Frauen geben durchschnittlich deutlich mehr für Gesundheit und Wellness aus als Männer – in Deutschland gaben Frauen im Jahr 2020 5.690 Euro pro Kopf aus. Männer nur 4.690 Euro. Dabei geht es auch um ärztliche Behandlungen – aber grundsätzlich sind Frauen bereit, mehr Geld für ihre Gesundheit, Nahrungsergänzung und Prävention auszugeben, als Männer. Möglicherweise wächst der FemTech-Markt auch deshalb so kräftig, weil er eine zahlungsbereite Zielgruppe erschließt.
Weibliche Gesundheitsdaten fehlen
Allerdings muss man auch festhalten: Für viele FemTech-Anwendungen und -Produkte liegt der Nutzen entweder auf der Hand oder ist durchaus wissenschaftlich untermauert. Viele FemTech-Anwendungen erheben darüber hinaus eine ganze Reihe an Daten über den weiblichen Körper. Beispielsweise, weil ihre Nutzerinnen den Puls tracken oder die Symptome ihrer Endometriose. Und diese Daten fehlen der medizinischen Forschung eigentlich schon immer. „Das ist zum Großteil noch historisch bedingt, weil man früher Frauen im gebärfähigen Alter ausgeschlossen hat“, erklärt Carina Vorisek vom deutschen Ärztinnenbund. Erst seit den neunziger Jahren gebe es die Empfehlung, Frauen auch einzubeziehen.
Bis heute gilt der weibliche Körper als unterforscht. Man nennt das den „Gender Health Gap“. Können die Daten aus den FemTech-Anwendungen diese Lücke für die medizinische Forschung zumindest ein Stück weit schließen? Einige Unternehmen sammeln in diesem Zusammenhang aktuell durchaus sehr wertvolle Daten, findet Vorisek: „Ich denke da an ein Start-up aus den USA, die entwickeln einen BH, der EKG-Daten erhebt.“ Gerade in der Kardiologie, wenn es etwa um Herzinfarkte gehe, seien Frauen stark unterdiagnostiziert, weil sie andere Symptome haben. „Da ist das natürlich eine super Möglichkeit, zusätzliche Daten zu erheben.“ Sie sehe das als große Chance.

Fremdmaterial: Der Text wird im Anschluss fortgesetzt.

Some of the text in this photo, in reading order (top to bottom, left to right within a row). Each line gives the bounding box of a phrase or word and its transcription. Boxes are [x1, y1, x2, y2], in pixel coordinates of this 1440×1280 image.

Zwischen sinnvollen und sinnlosen Apps zu unterscheiden, ist schwer
Angesichts des großen Marktes für FemTech-Produkte ist es für viele Anwenderinnen schwer, zwischen eher sinnvollen und weniger sinnvollen Apps zu unterscheiden. „Bei den Apps auf dem freien Markt ist es schwer, pauschal zu sagen, ob die eher einen Nutzen haben oder nicht“, findet Carina Vorisek. „Was mich persönlich immer ein bisschen verschreckt, ist wenn die Gründer eines FemTech-Unternehmens hauptsächlich männlich sind“, ihr sei weibliche Repräsentation in diesem Zusammenhang wichtig.
Darüber hinaus helfen Zertifizierungen, ein Angebot zu finden, das auch aus medizinischer Sicht sinnvoll ist. „Wenn die Apps über die Krankenkassen veröffentlicht wurden oder als sogenannte digitale Gesundheitsanwendungen klassifiziert sind, sind die Hürden schon wirklich hoch.“ Carina Vorisek erklärt, dort könne man darauf vertrauen, dass ein Nutzen erst einmal nachgewiesen werden musste.

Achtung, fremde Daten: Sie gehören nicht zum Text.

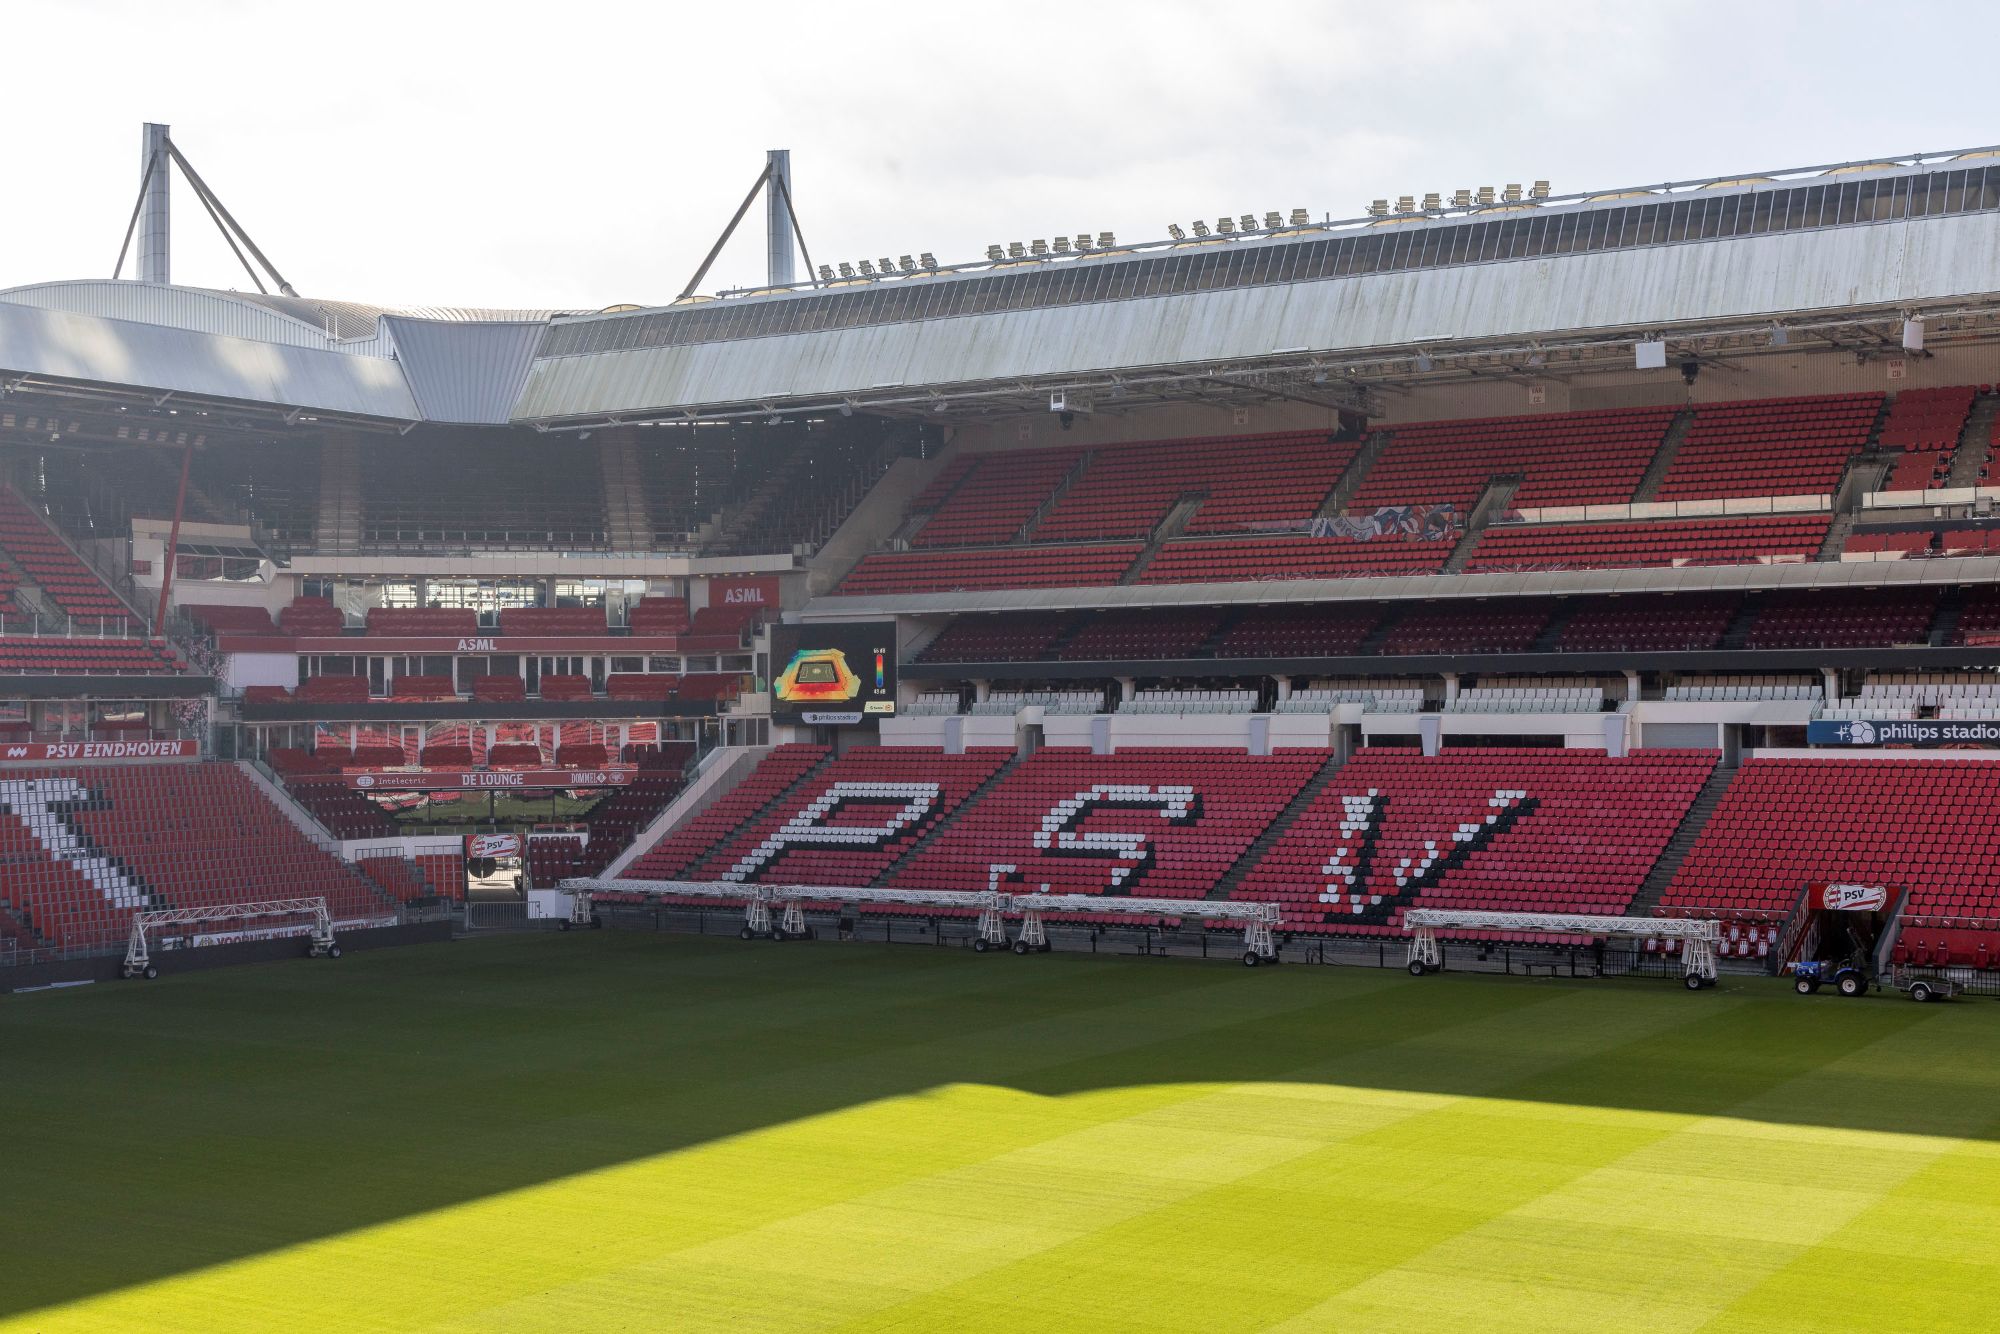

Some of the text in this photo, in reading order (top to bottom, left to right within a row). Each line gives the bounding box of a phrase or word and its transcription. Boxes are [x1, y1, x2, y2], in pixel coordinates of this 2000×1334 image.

[724, 587, 765, 603] ASML
[457, 638, 498, 651] ASML
[1880, 723, 1938, 741] philips
[46, 741, 182, 759] PSV EINDHOVEN
[378, 777, 427, 785] Intelectric
[461, 773, 524, 785] DE LOUNGE
[486, 840, 504, 850] PSV
[1844, 889, 1865, 901] PSV

Auf den Datenschutz achten!
Auf der anderen Seite steht der Datenschutz. Es geht bei den meisten FemTech-Anwendungen immerhin um hochsensible Gesundheitsdaten. In den USA etwa wurden Zyklus-Apps bereits im Rahmen der Strafverfolgung illegaler Abtreibungen genutzt, weil sie Hinweise auf eine beendete Schwangerschaft geben können.
In Deutschland gibt es vergleichsweise strengere Datenschutzbestimmungen, die sich etwa aus der Digitale-Gesundheitsanwendungen-Verordnung (DiGAV) ergeben. Apps müssen bei der Informationssicherheit, Zweckbindung, Datenminimierung und Nutzeraufklärung bestimmte Standards erfüllen. Auch für Apps etwa aus den USA, die in Deutschland verwendet werden, gelten die Richtlinien der Datenschutz-Grundverordnung (DSGVO).

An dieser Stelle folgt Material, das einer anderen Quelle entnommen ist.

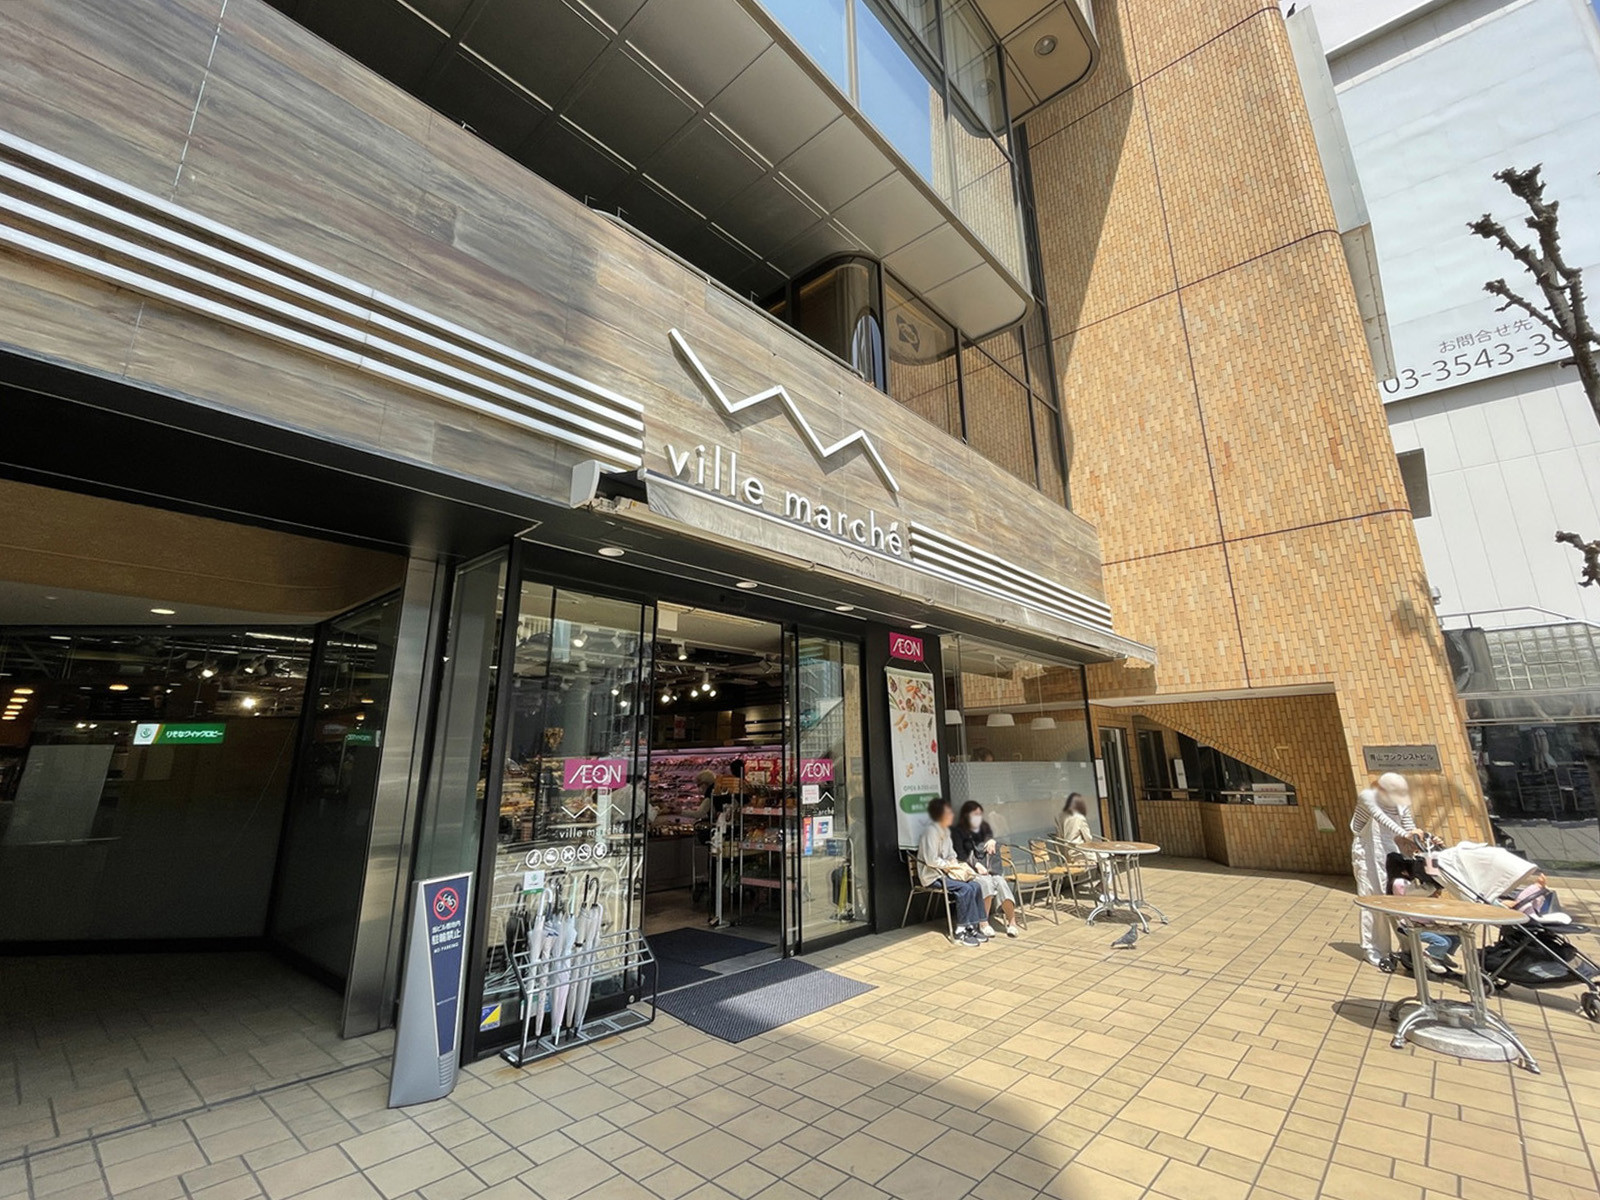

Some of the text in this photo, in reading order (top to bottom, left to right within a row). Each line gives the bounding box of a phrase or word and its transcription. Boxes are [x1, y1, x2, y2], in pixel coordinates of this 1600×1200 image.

[1438, 319, 1534, 354] お問合せ先
[664, 445, 902, 556] ville marché
[559, 827, 583, 838] ville

Aber dabei gibt es ein Problem: Nicht alle FemTech-Apps sind beispielsweise als Medizinprodukte zugelassen. Zyklus-Apps etwa, die nur der Beobachtung des eigenen Zyklus dienen, gelten als Lifestyle-Produkt und müssen die strengen Vorgaben für Medizin-Apps nicht erfüllen. Es gilt also immer, zu prüfen, woher eine App stammt und welche Vorgaben dementsprechend gelten.